リッター100psを超えている高性能エンジンが、こんなに安く手に入る!
かつてシビックタイプRが登場した時、あるいはモデルチェンジして新型が登場した時、その高性能ぶりに誰もが驚き、憧れたものだ。
それは軽量コンパクトなハッチバックに高回転型のスポーツエンジンを搭載することで、大排気量でよりハイパワーなクルマを相手に速さで勝負できる、そんな痛快なクルマに仕上げられていたからだ。
そんなタイプRのエンジンは当時、排気量1000ccあたり100psを実現していたことを誇りにしていた。市販車でそれを達成するには、単に高回転型の設計とするだけでなく、吸排気ポートを手作業で研磨して仕上げるほどのチューニングしていたほど、手間がかかっていた。そうしなければ達成できないほどの領域だったのだ。
最高出力というのは、そのエンジンが果たせる最高の仕事量ということ。例えば排気量が半分でもエンジン回転数が2倍なら実質的な排気量は同じ、つまり仕事量は同じことになる。エンジンを高回転化するのは同じ時間内に燃焼する回数を増やし、実質的な排気量を増やすことにつながるのだ。
しかし86/BRZに搭載されるFA20型エンジンは、それほど高回転型ではない。かつてのシビック・タイプRが2LのNAで絞り出していたのは225ps!だが、それは8000rpmであり、レッドゾーンは8400rpmからだった。一方、FA20は207psを7000rpmで発生し、レブリミットは7500rpmだ。つまり1000rpmも低い回転数で207psを発生している。

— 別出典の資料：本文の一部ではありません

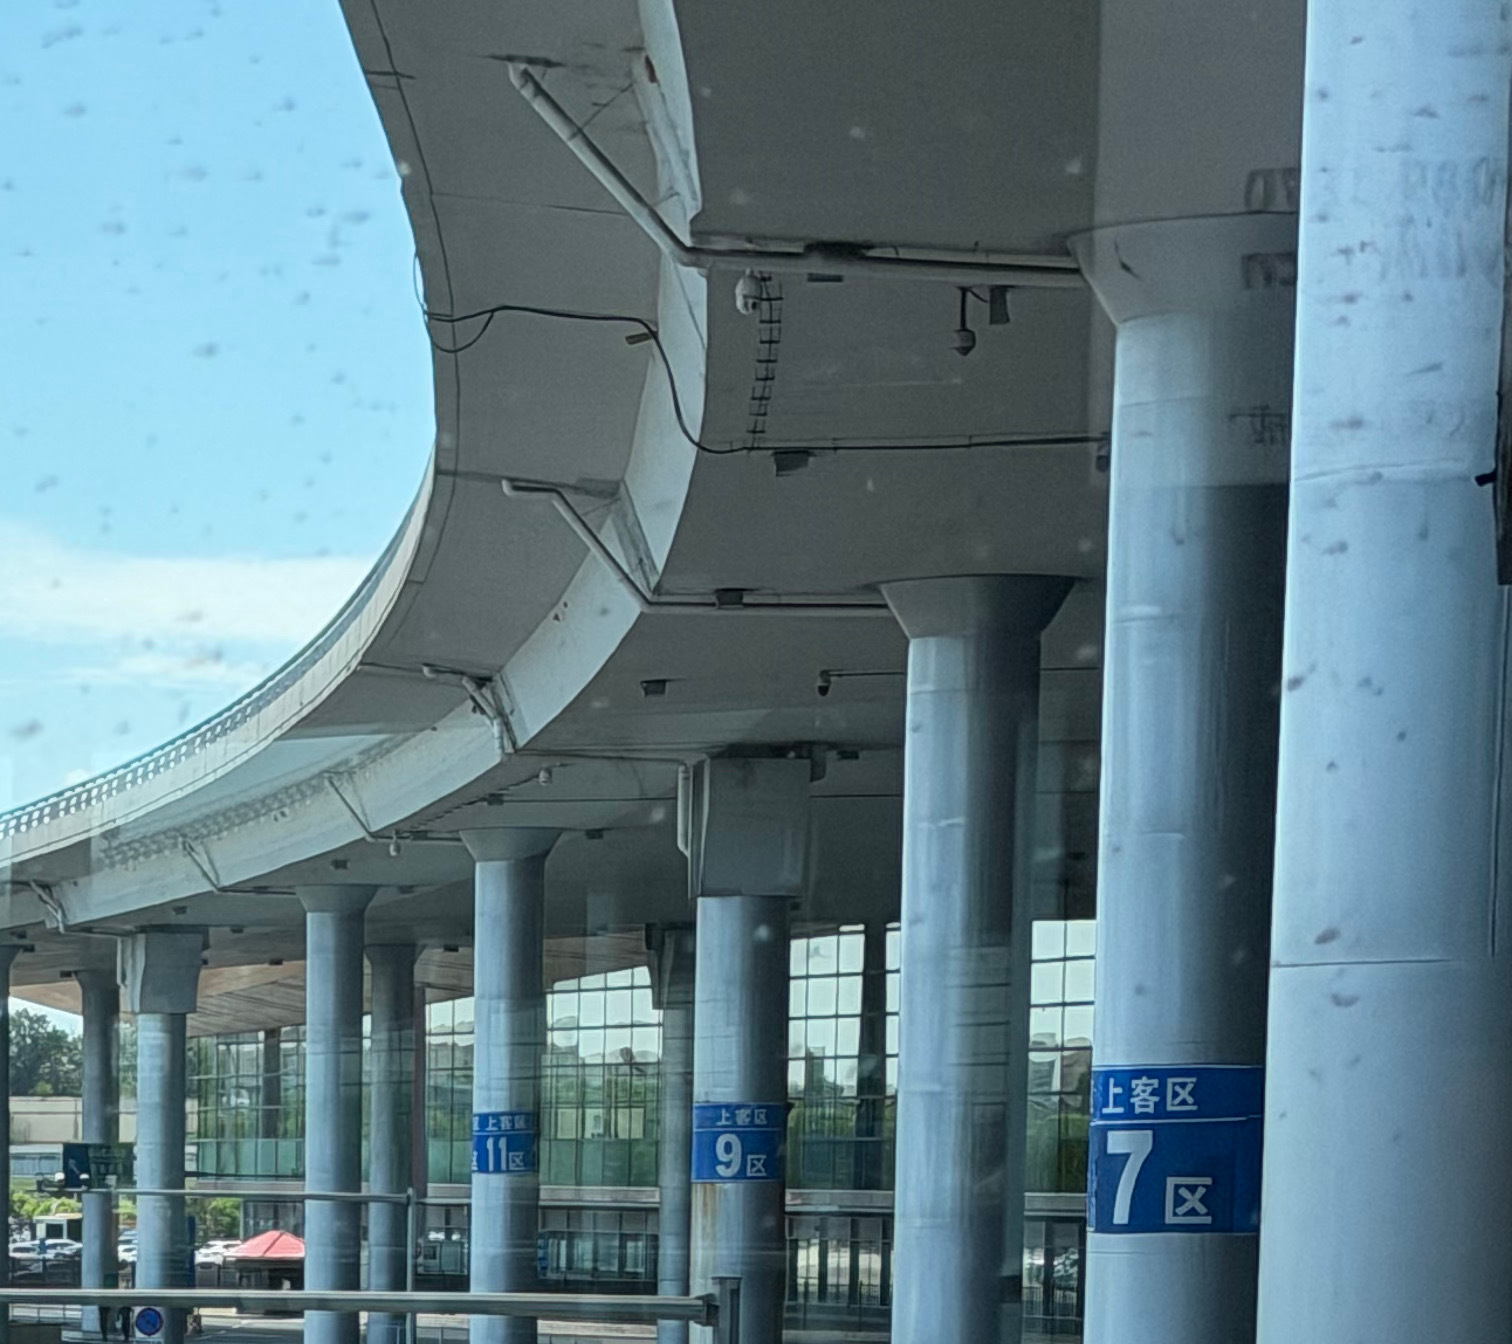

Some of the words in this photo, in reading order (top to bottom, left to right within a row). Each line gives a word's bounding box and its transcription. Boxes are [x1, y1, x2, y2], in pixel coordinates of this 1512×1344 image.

[1102, 1075, 1198, 1115] 上客区
[715, 1133, 767, 1178] 9区
[1106, 1129, 1213, 1225] 7区

最大トルクはシビック・タイプRの21.9kg・m(215Nm)/6100rpmに対して、21.6kg・m(212Nm/6400rpm~6800rpmとほぼ同等のパフォーマンスを実現しているのである。しかし現在の中古車価格を見れば、86/BRZは後期モデルでも150万円前後から手に入るのに対し、シビック・タイプRで200万円以下の個体は走行15万km前後が常識。
15年落ちが中心となるため走行距離が進んでいるのは致し方ないが、10万km以下のクルマを買おうとすれば250万円は必要で、走行5万km前後の本来のコンディションが維持されていると期待できる個体は300万円前後(つまり新車価格)が相場だ。
ちなみにFD2のタイプRで最も高価格なモデルは500万円近い。86/BRZでは限定車やコンプリートカーを除けば、最も高価格なモデルでも300万円台前半。走行1万km以下の新車のようなクルマでもこのレベルだ。
300万円以上の費用を投じても15年落ちのクルマを買いたいのなら、それは個人の趣味だから構わないが、86/BRZなら100万円安く6年落ちくらいのクルマが手に入る。この差は大きい。この10年近くの間に、クルマは大きく進化しており、シャーシの洗練ぶりは素晴らしいものだ。
何より前後バランスに優れたFRスポーツらしい素直で俊敏な動きは、FFスポーツでは決して得られない、気持ちのいいハンドリングを味わいたいならFRスポーツが一番なのである。